[Stored items]
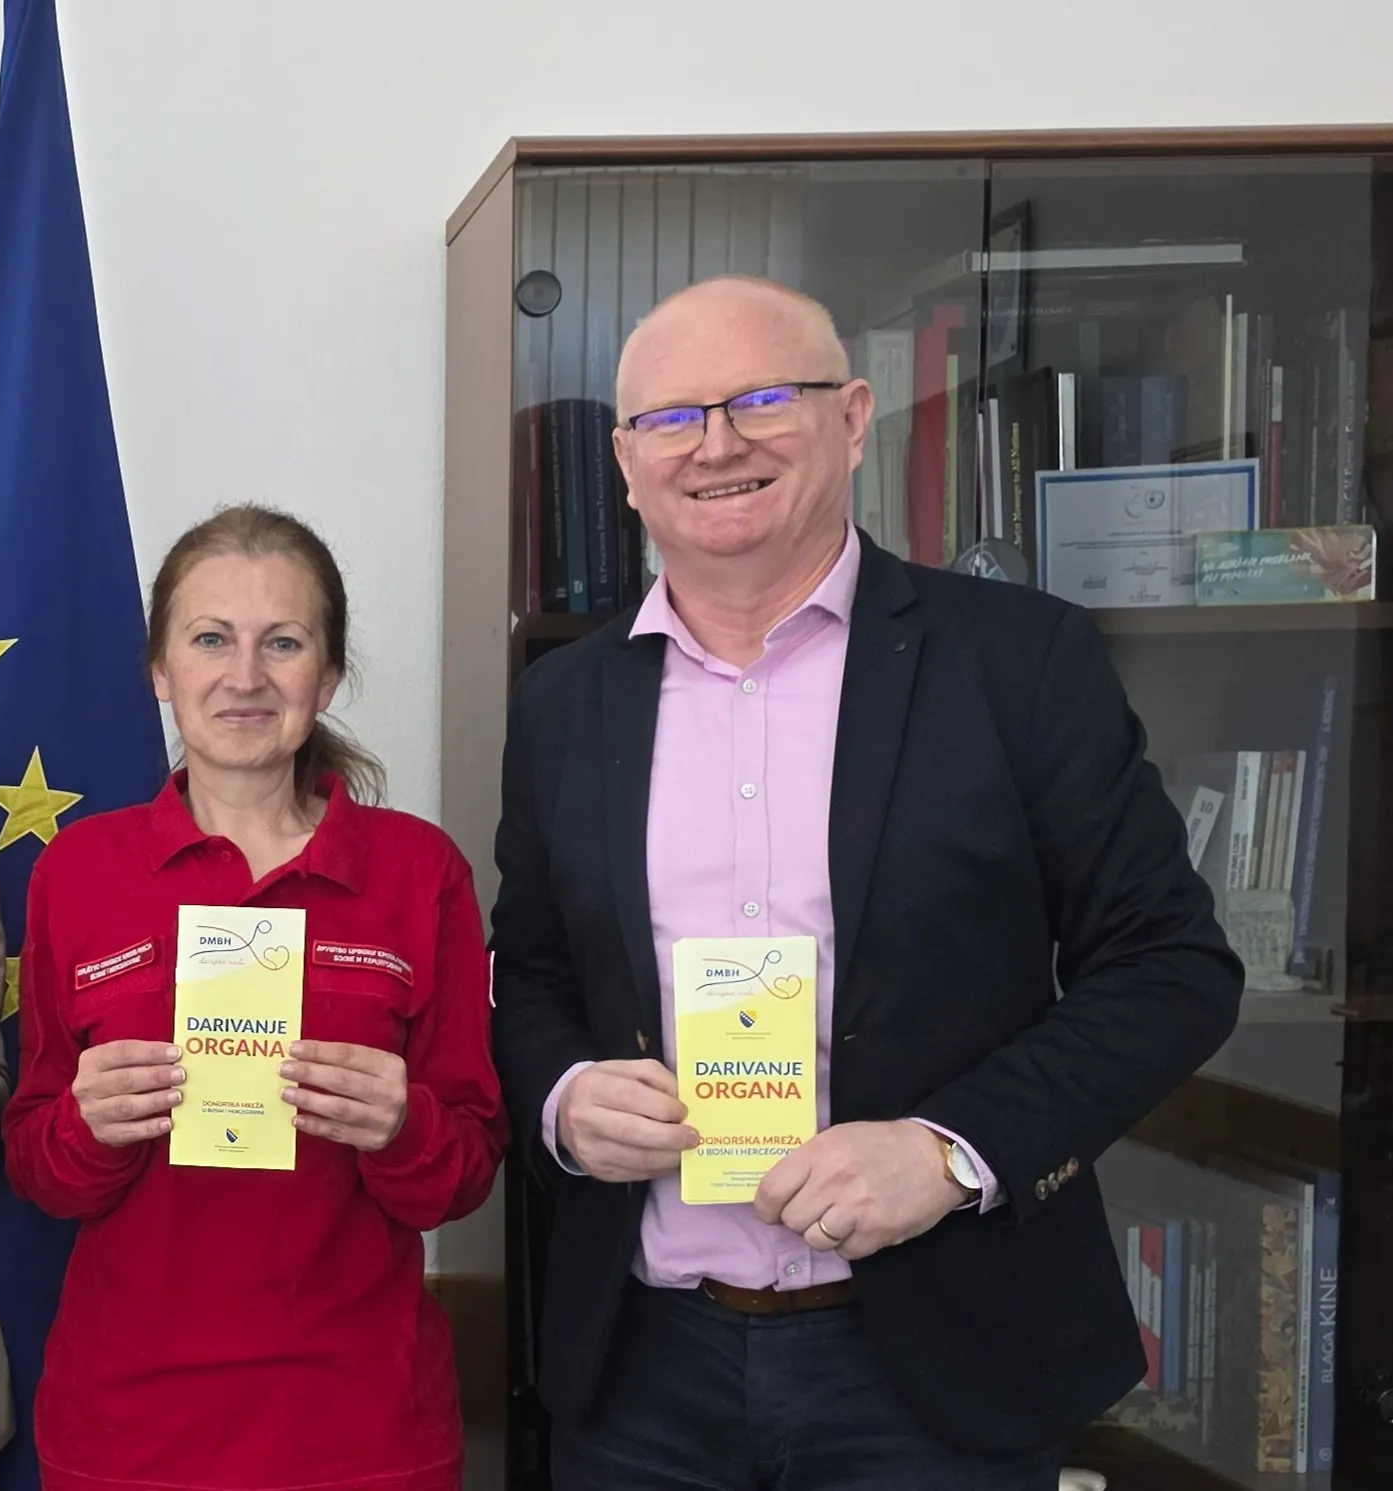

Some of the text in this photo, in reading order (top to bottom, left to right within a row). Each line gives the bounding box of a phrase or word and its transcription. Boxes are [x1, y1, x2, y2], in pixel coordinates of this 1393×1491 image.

[200, 936, 231, 945] DMBH
[706, 969, 740, 977] DMBH
[187, 1017, 287, 1034] DARIVANJE
[185, 1037, 285, 1058] ORGANA
[695, 1061, 803, 1076] DARIVANJE
[695, 1081, 802, 1100] ORGANA
[762, 1134, 802, 1145] MREŽA
[697, 1148, 704, 1156] U
[706, 1148, 734, 1156] BOSNI
[740, 1148, 792, 1156] HERCEGOV
[1320, 1267, 1338, 1384] BLAGA KINE
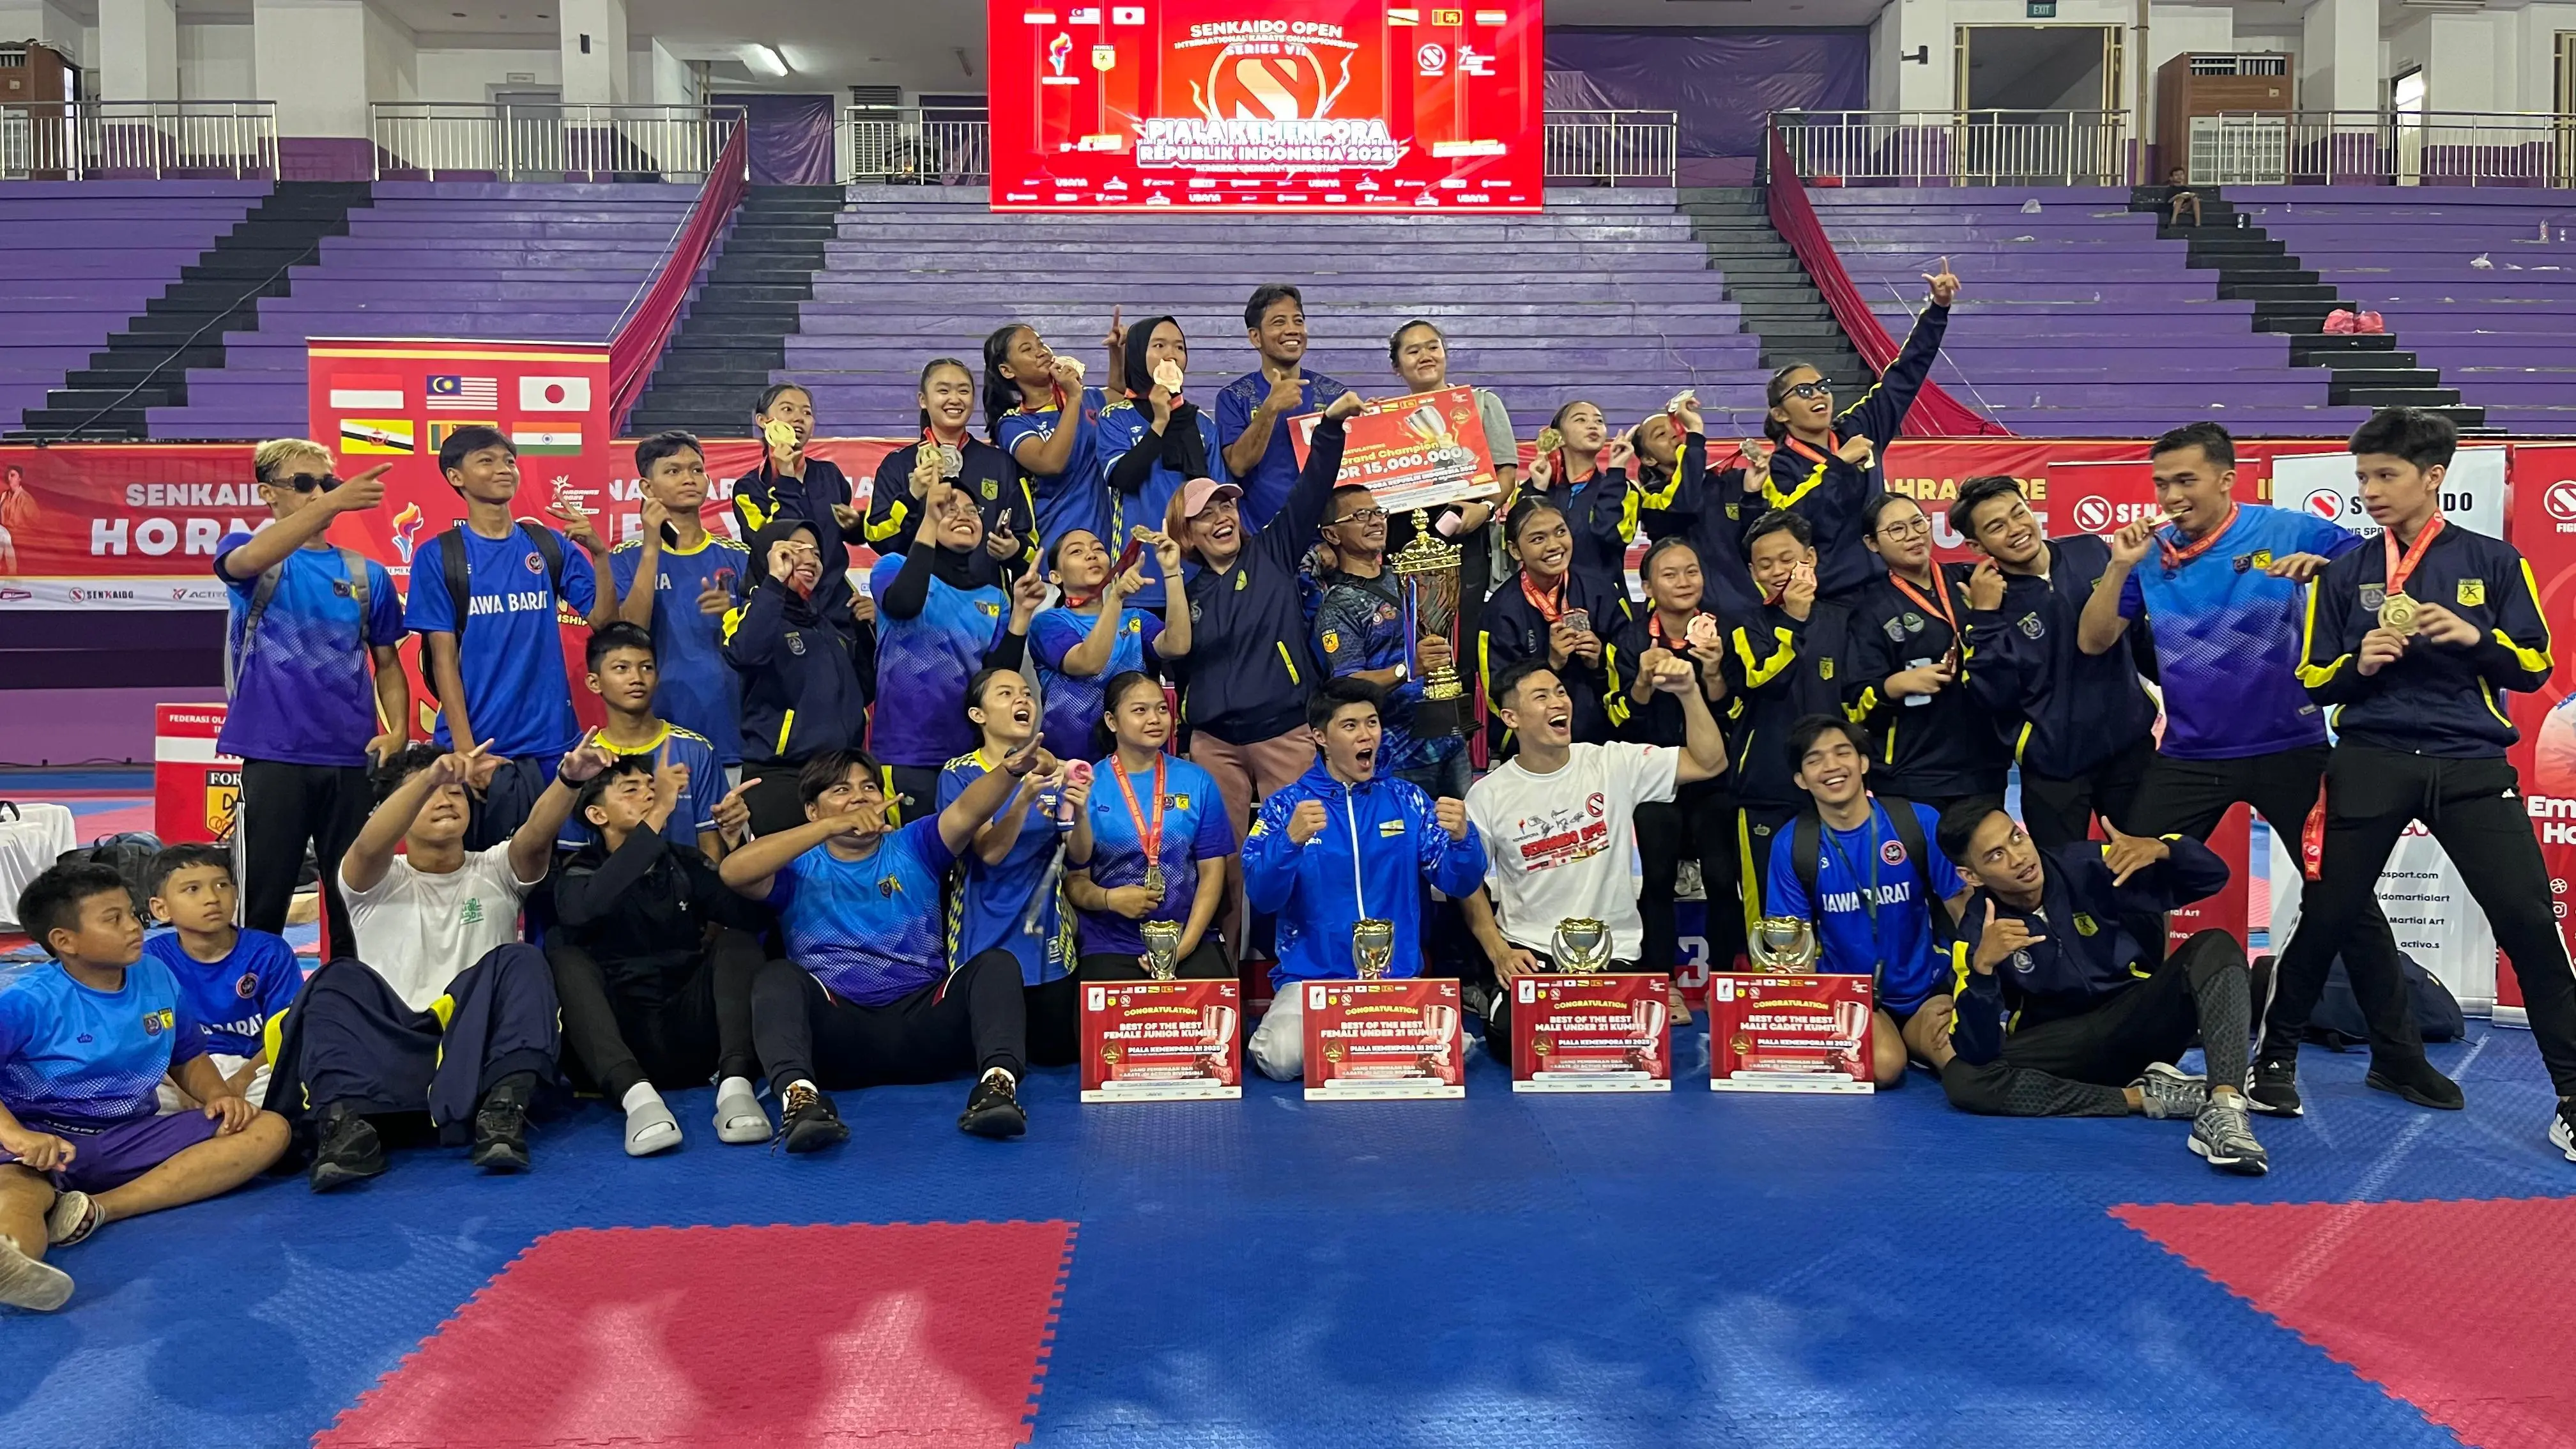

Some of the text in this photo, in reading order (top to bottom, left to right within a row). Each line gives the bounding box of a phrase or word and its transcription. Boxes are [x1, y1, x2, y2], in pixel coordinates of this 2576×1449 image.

[2034, 5, 2050, 15] EXIT
[1190, 20, 1342, 38] SENKAIDO OPEN
[1174, 34, 1359, 50] INTERNATIONAL KARATE CHAMPIONSHIP
[1225, 43, 1307, 56] SERIES VII
[1147, 119, 1228, 142] PIALA
[1228, 119, 1390, 142] KEMENPORA
[1139, 144, 1396, 162] REPUBLIK INDONESIA 2025
[1340, 441, 1440, 466] Grand Champion
[126, 483, 267, 507] SENKAID
[87, 590, 134, 599] SENKAIDO
[469, 590, 548, 617] AWA BARAT
[169, 714, 210, 723] FEDERASI
[210, 772, 241, 785] FOR
[1521, 830, 1580, 857] SENKAIDO
[2380, 871, 2439, 879] osport.com
[2389, 917, 2426, 925] Martial
[1553, 999, 1628, 1009] CONGRATULATION
[1752, 999, 1829, 1010] CONGRATULATION
[1123, 1006, 1199, 1017] CONGRATULATION
[1345, 1005, 1419, 1015] CONGRATULATION
[1549, 1016, 1574, 1024] BEST
[1589, 1015, 1607, 1023] THE
[1608, 1015, 1632, 1023] BEST
[1748, 1015, 1834, 1024] BEST OF THE BEST
[1119, 1023, 1142, 1031] BEST
[1179, 1022, 1202, 1030] BEST
[1340, 1022, 1365, 1030] BEST
[1381, 1021, 1399, 1029] THE
[1400, 1020, 1423, 1029] BEST
[1535, 1022, 1647, 1031] MALE UNDER 21 KUMITE
[1740, 1022, 1842, 1032] MALE CADET KUMITE
[1103, 1029, 1218, 1039] FEMALE JUNIOR KUMITE
[1321, 1030, 1359, 1038] FEMALE
[1360, 1029, 1394, 1038] UNDER
[1407, 1028, 1444, 1037] KUMITE

What you have to do — Restate the entries above word for word, keeping pictures out of the copy.

Reply —
Some of the text in this photo, in reading order (top to bottom, left to right within a row). Each line gives the bounding box of a phrase or word and its transcription. Boxes are [x1, y1, x2, y2], in pixel coordinates of this 1393×1491 image.

[200, 936, 231, 945] DMBH
[706, 969, 740, 977] DMBH
[187, 1017, 287, 1034] DARIVANJE
[185, 1037, 285, 1058] ORGANA
[695, 1061, 803, 1076] DARIVANJE
[695, 1081, 802, 1100] ORGANA
[762, 1134, 802, 1145] MREŽA
[697, 1148, 704, 1156] U
[706, 1148, 734, 1156] BOSNI
[740, 1148, 792, 1156] HERCEGOV
[1320, 1267, 1338, 1384] BLAGA KINE

Some of the text in this photo, in reading order (top to bottom, left to right within a row). Each line gives the bounding box of a phrase or word and its transcription. Boxes are [x1, y1, x2, y2], in pixel coordinates of this 2576×1449 image.

[2034, 5, 2050, 15] EXIT
[1190, 20, 1342, 38] SENKAIDO OPEN
[1174, 34, 1359, 50] INTERNATIONAL KARATE CHAMPIONSHIP
[1225, 43, 1307, 56] SERIES VII
[1147, 119, 1228, 142] PIALA
[1228, 119, 1390, 142] KEMENPORA
[1139, 144, 1396, 162] REPUBLIK INDONESIA 2025
[1340, 441, 1440, 466] Grand Champion
[126, 483, 267, 507] SENKAID
[87, 590, 134, 599] SENKAIDO
[469, 590, 548, 617] AWA BARAT
[169, 714, 210, 723] FEDERASI
[210, 772, 241, 785] FOR
[1521, 830, 1580, 857] SENKAIDO
[2380, 871, 2439, 879] osport.com
[2389, 917, 2426, 925] Martial
[1553, 999, 1628, 1009] CONGRATULATION
[1752, 999, 1829, 1010] CONGRATULATION
[1123, 1006, 1199, 1017] CONGRATULATION
[1345, 1005, 1419, 1015] CONGRATULATION
[1549, 1016, 1574, 1024] BEST
[1589, 1015, 1607, 1023] THE
[1608, 1015, 1632, 1023] BEST
[1748, 1015, 1834, 1024] BEST OF THE BEST
[1119, 1023, 1142, 1031] BEST
[1179, 1022, 1202, 1030] BEST
[1340, 1022, 1365, 1030] BEST
[1381, 1021, 1399, 1029] THE
[1400, 1020, 1423, 1029] BEST
[1535, 1022, 1647, 1031] MALE UNDER 21 KUMITE
[1740, 1022, 1842, 1032] MALE CADET KUMITE
[1103, 1029, 1218, 1039] FEMALE JUNIOR KUMITE
[1321, 1030, 1359, 1038] FEMALE
[1360, 1029, 1394, 1038] UNDER
[1407, 1028, 1444, 1037] KUMITE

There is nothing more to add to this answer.